The calculation presented above may at first seem unrealistic and hardly useful. However it has proved to be a suitable model for a variety of real-life systems. One such example regards the interfaces between two conducting materials. In the bulk of the materials, the motion of the electrons is quasi free and can be described by the kinetic term in the above Hamiltonian with an effective mass $m\,\!$. Often the surfaces of such materials are covered with oxide layers or are not ideal for other reasons. This thin, non-conducting layer may then be modeled by a local delta-function potential as above. Electrons may then tunnel from one material to the other giving rise to a current.

The operation of a scanning tunneling microscope (STM) relies on this tunneling effect. In that case, the barrier is due to the air between the tip of the STM and the underlying object. The strength of the barrier is related to the separation being stronger the further apart the two are. For a more general model of this situation, see Finite potential barrier (QM). The delta function potential barrier is the limiting case of the model considered there for very high and narrow barriers.

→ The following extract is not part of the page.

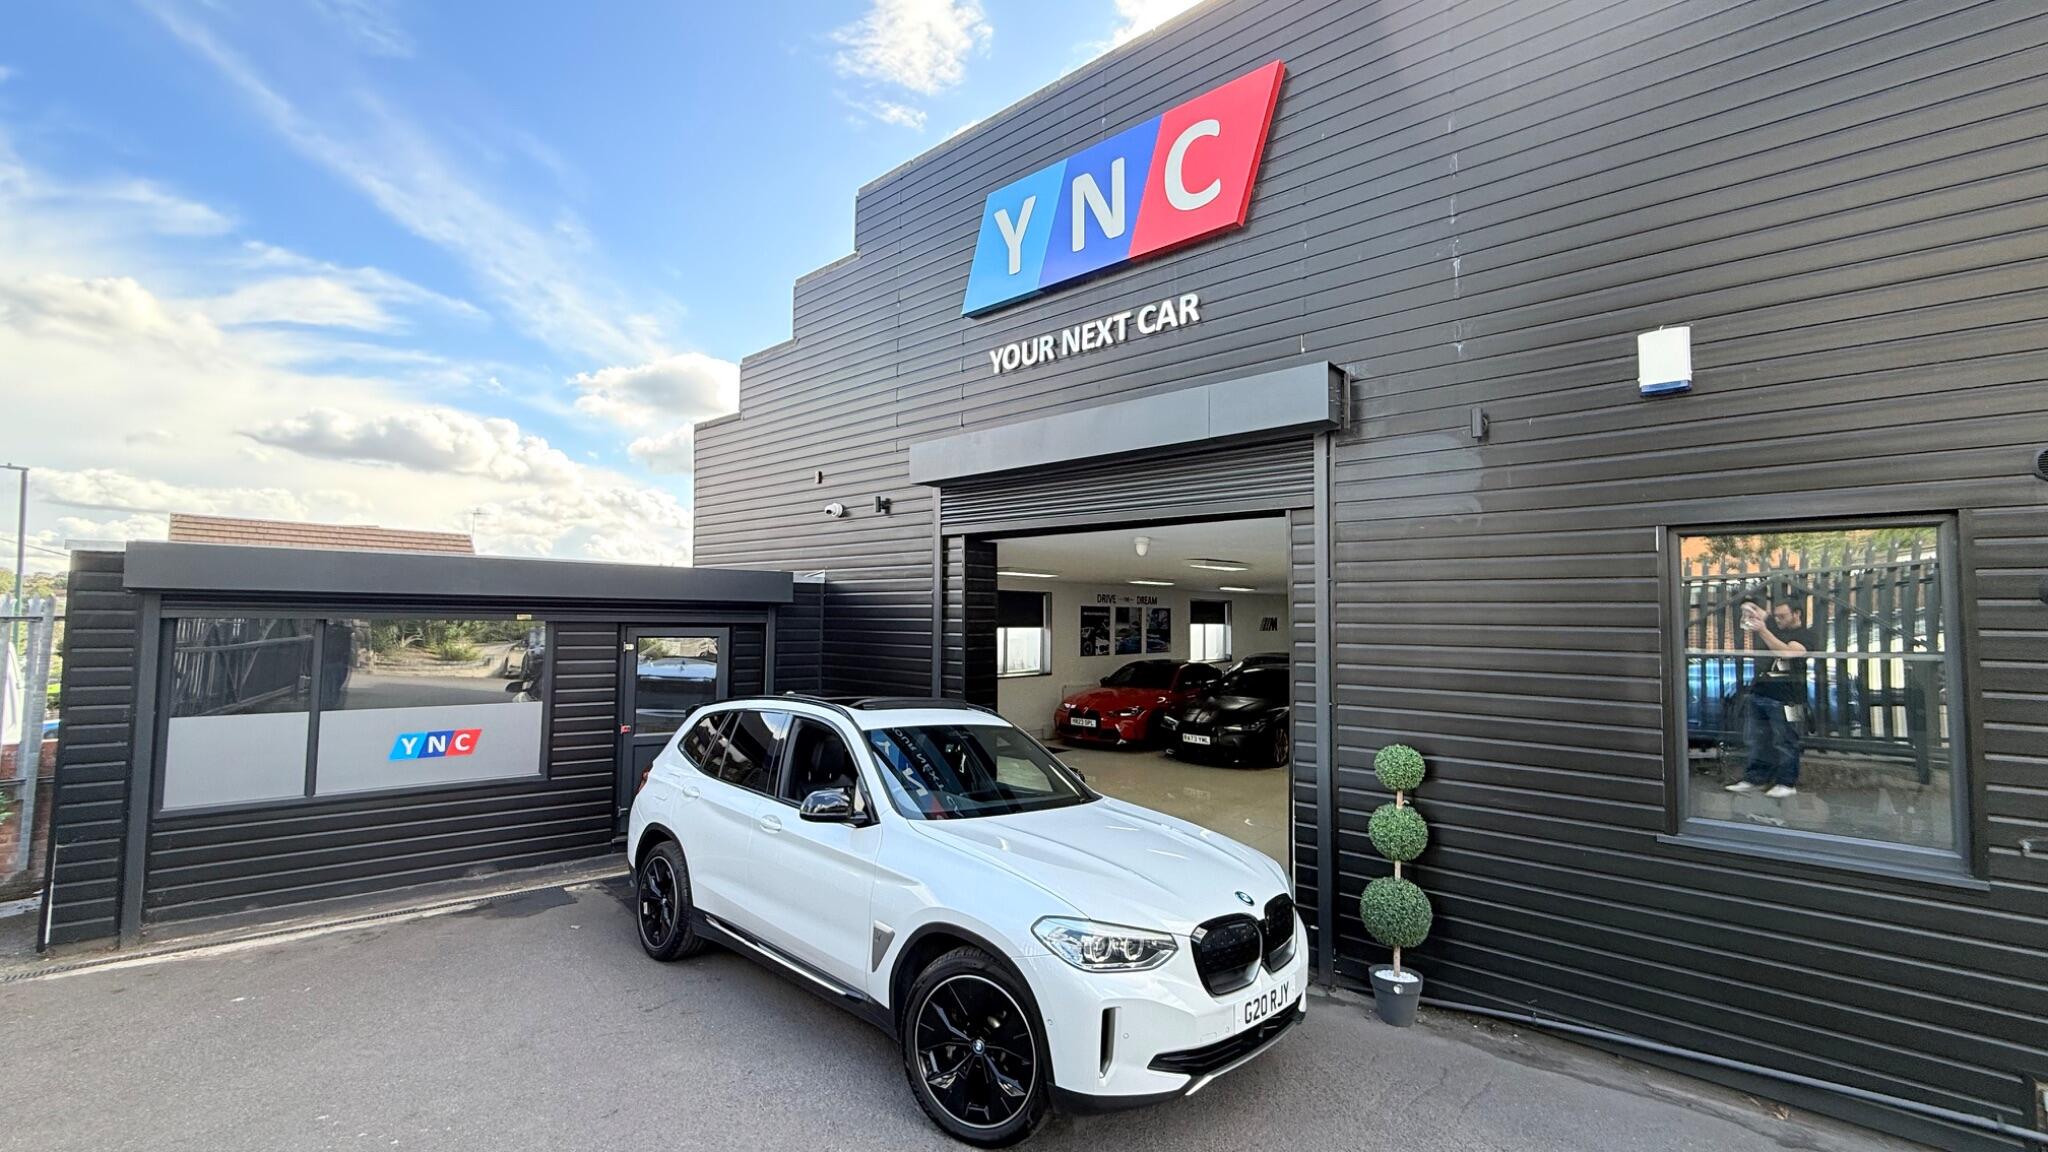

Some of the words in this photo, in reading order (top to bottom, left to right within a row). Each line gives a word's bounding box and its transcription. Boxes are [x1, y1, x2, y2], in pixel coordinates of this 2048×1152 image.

The above model is one-dimensional while the space around us is three-dimensional. So in fact one should solve the Schrödinger equation in three dimensions. On the other hand, many systems only change along one coordinate direction and are translationally invariant along the others. The Schrödinger equation may then be reduced to the case considered here by an Ansatz for the wave function of the type: $\Psi(x,y,z)=\psi(x)\phi(y,z)\,\!$.

Alternatively, it is possible to generalize the Dirac delta function to exist on the surface of some domain D (see Laplacian of the indicator).[1]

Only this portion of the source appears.